When you’re designing an infrastructure for a service or application that requires high uptime, you have to plan for certain levels of resiliency and redundancy. There are a lot of considerations that come into play. Every decision is balanced against the cost, the benefit, and the uptime requirements. You have to ensure that you have high availability at every level of your tech stack, so there’s no point in buying two firewalls and two switches if your server only has a single NIC. Do you have separate internet connections, from different carriers, coming in over different physical paths? Does each host connect to redundant network fabrics? Are key services like DNS and authentication highly available?

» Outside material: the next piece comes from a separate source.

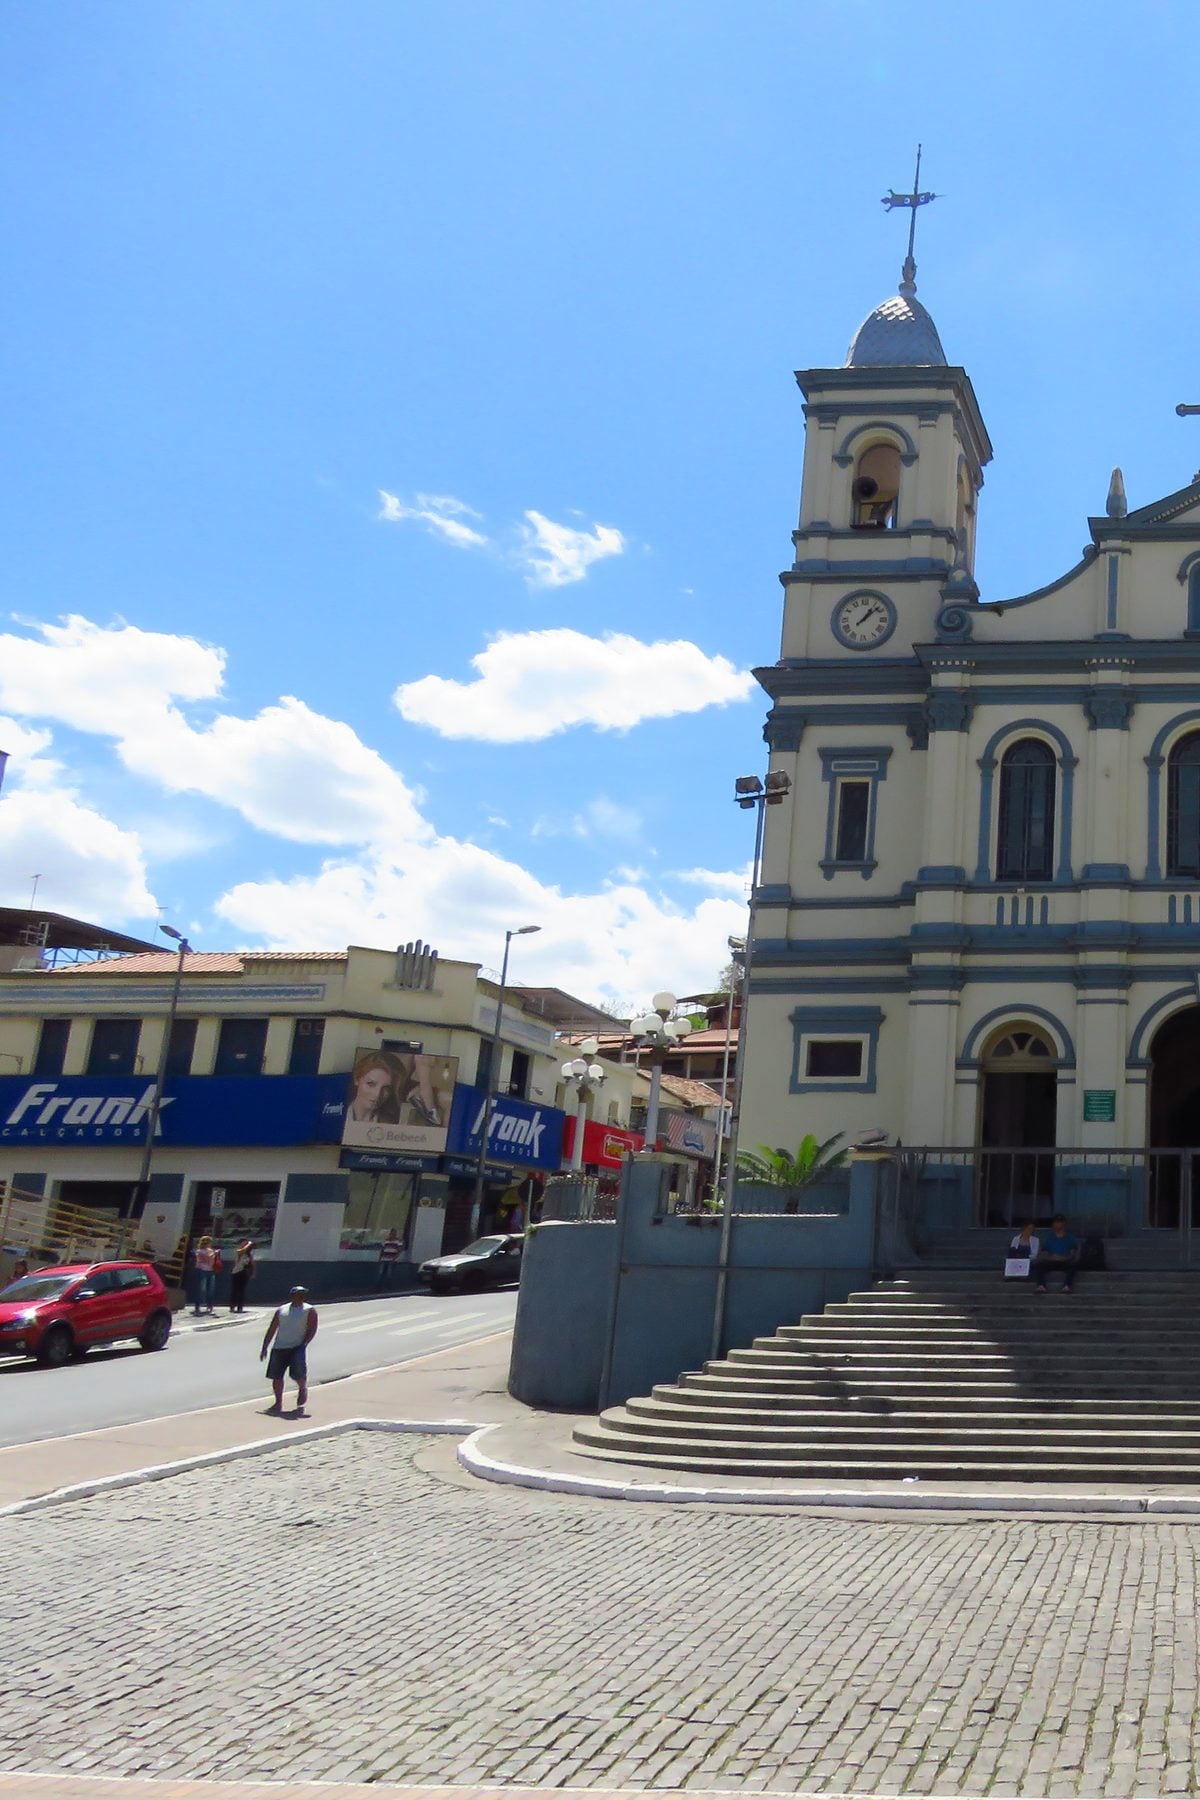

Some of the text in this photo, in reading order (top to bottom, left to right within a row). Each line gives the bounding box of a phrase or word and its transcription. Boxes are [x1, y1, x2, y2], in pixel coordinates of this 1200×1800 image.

[2, 1128, 141, 1138] CALÇADOS
[5, 1083, 177, 1136] Frank
[471, 1099, 547, 1158] Frank

There are a lot of different models for high availability. For example, Cisco ASA firewalls are typically deployed in an Active/Passive configuration. A trio of Juniper EX switches in a Virtual Chassis are all passing traffic at the same time, with the higher level roles being consolidated to one master device at a time. Each device has its own failover scenarios and requirements. One of the things to avoid when combining all of these different mechanisms is a paired failover.

A paired failover, at least by my definition, is when one failover occurs, other dependent devices are required to failover as well. A good example would be having two internet connections, with each one plugged into a different firewall. If an internet connection failover had to occur, you would also have to have a firewall failover occur at the same time. The internet connection and the firewall form a paired failover group, where one’s failover requires the other to failover too.

I hated paired failovers. In the ideal network design, each object in a path is redundant, and a failover is transparent to the devices both upstream and downstream of it. There are a few good ways to accomplish this:

• Single-image systems (think Cisco’s VCS or “stacking” or Juniper’s Virtual Chassis)

• LACP and VRRP in both directions (Cisco’s VPC handles this well)

• Quick failover routing protocol

• Active/Passive failover with state replication (Cisco ASAs fit the bill – still need LACP for link redundancy)

The key feature is that the identity of the device (the IP address or the link) is transparent/virtual and can move between devices. While using a routing protocol to handle failover between devices might fit the bill, it depends on the protocol and the speed of the failover. BGP is great for this, since it can support dual-active scenarios. I also particularly like single-image solutions or configurations where the state information is shared between redundant devices to further minimize the impact of a failure.

How do you end up with a paired failover? It’s an easy trap to fall into.

Imagine you have two firewalls (lets say Juniper SRX boxes) and a couple of Juniper switches. You obviously want networking redundancy, so you put the switches into a virtual chassis. Done, right? Nope, you still have to make sure everything is properly multihomed. Are your servers capable of LACP or another bonding protocol to the upstream switch? Both of your firewalls will need to connect to both of your switches (4 cables), otherwise a switch failover would also require the firewall to failover at the same time. Every device in the chain needs to have redundant connections to the other devices, in both directions. But what about the internet connections to the SRX boxes? Do you just have a single WAN switch out in front? Are they separate links? How would your IP space failover between the devices? You’ll probably want BGP to ensure your IPs can float. But what if your BGP addresses float to the non-active firewall, causing asymmetric routing? As you can see, there are a lot of considerations at play, and you have to be careful to address every possible failure scenario.